(Saved data entries)
....................

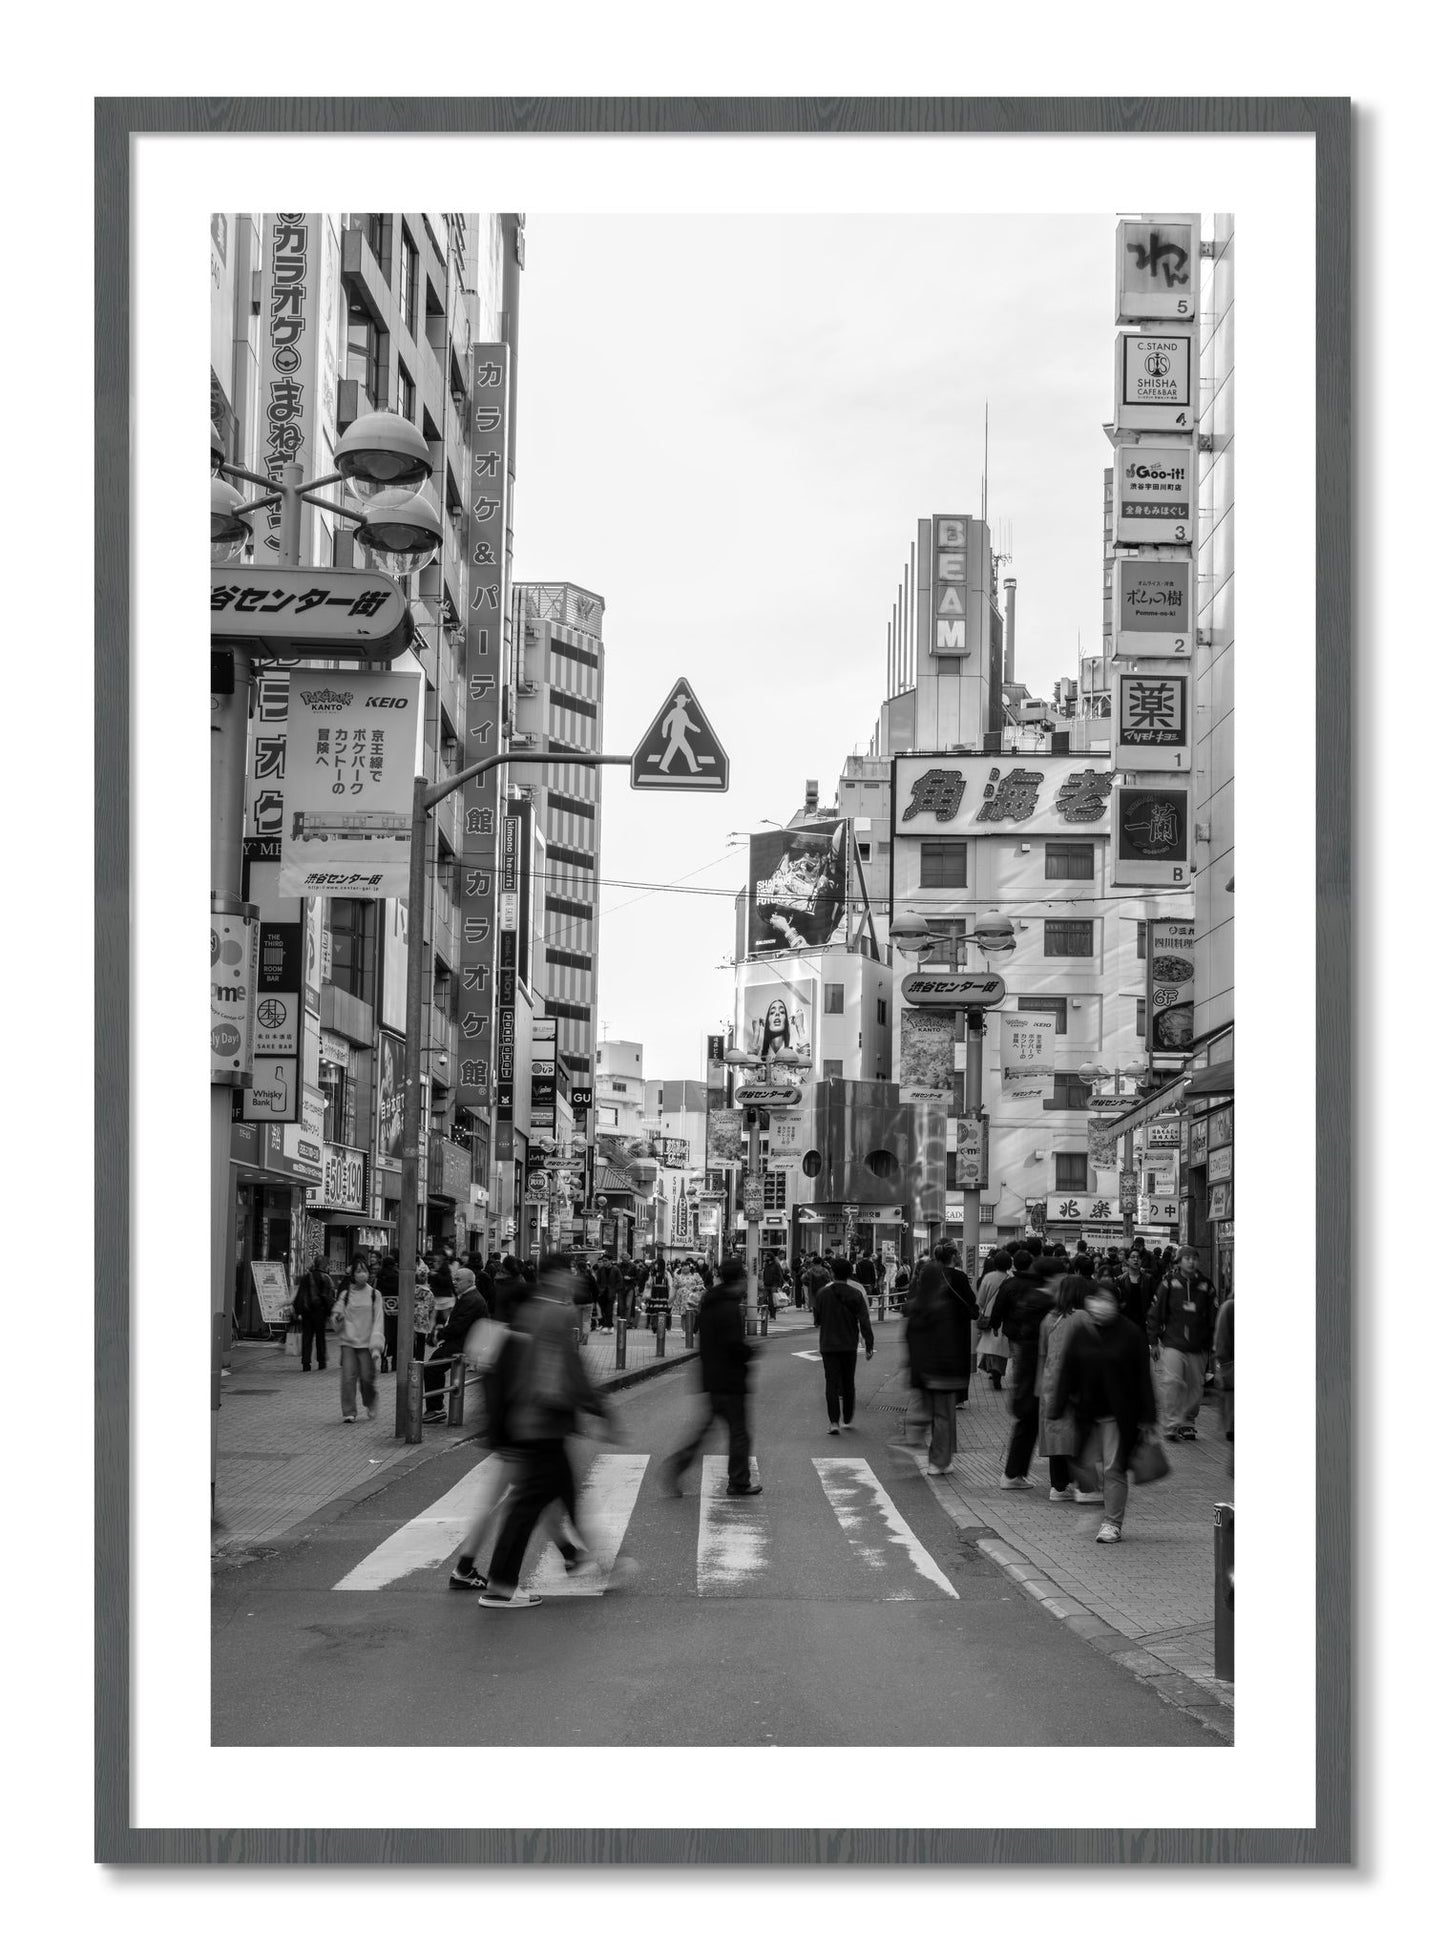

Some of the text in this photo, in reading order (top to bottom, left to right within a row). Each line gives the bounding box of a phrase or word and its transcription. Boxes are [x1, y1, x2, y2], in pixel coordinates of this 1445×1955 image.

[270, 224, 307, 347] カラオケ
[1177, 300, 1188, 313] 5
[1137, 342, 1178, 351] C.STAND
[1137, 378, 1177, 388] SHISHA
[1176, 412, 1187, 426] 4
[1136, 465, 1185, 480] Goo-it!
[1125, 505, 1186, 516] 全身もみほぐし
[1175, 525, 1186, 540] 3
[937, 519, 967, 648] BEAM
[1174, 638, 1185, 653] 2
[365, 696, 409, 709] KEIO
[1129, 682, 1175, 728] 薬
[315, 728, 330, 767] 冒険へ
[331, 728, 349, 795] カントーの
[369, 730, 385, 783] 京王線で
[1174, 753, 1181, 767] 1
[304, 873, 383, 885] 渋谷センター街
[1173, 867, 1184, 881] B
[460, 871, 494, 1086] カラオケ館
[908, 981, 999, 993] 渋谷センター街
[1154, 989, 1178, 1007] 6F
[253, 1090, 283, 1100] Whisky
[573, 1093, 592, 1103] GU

....................

* _Problem_:
First drop every picture, then print the data above exactly as it stands.

* _Task result_:
Some of the text in this photo, in reading order (top to bottom, left to right within a row). Each line gives the bounding box of a phrase or word and its transcription. Boxes are [x1, y1, x2, y2], in pixel coordinates of this 1445×1955 image.

[270, 224, 307, 347] カラオケ
[1177, 300, 1188, 313] 5
[1137, 342, 1178, 351] C.STAND
[1137, 378, 1177, 388] SHISHA
[1176, 412, 1187, 426] 4
[1136, 465, 1185, 480] Goo-it!
[1125, 505, 1186, 516] 全身もみほぐし
[1175, 525, 1186, 540] 3
[937, 519, 967, 648] BEAM
[1174, 638, 1185, 653] 2
[365, 696, 409, 709] KEIO
[1129, 682, 1175, 728] 薬
[315, 728, 330, 767] 冒険へ
[331, 728, 349, 795] カントーの
[369, 730, 385, 783] 京王線で
[1174, 753, 1181, 767] 1
[304, 873, 383, 885] 渋谷センター街
[1173, 867, 1184, 881] B
[460, 871, 494, 1086] カラオケ館
[908, 981, 999, 993] 渋谷センター街
[1154, 989, 1178, 1007] 6F
[253, 1090, 283, 1100] Whisky
[573, 1093, 592, 1103] GU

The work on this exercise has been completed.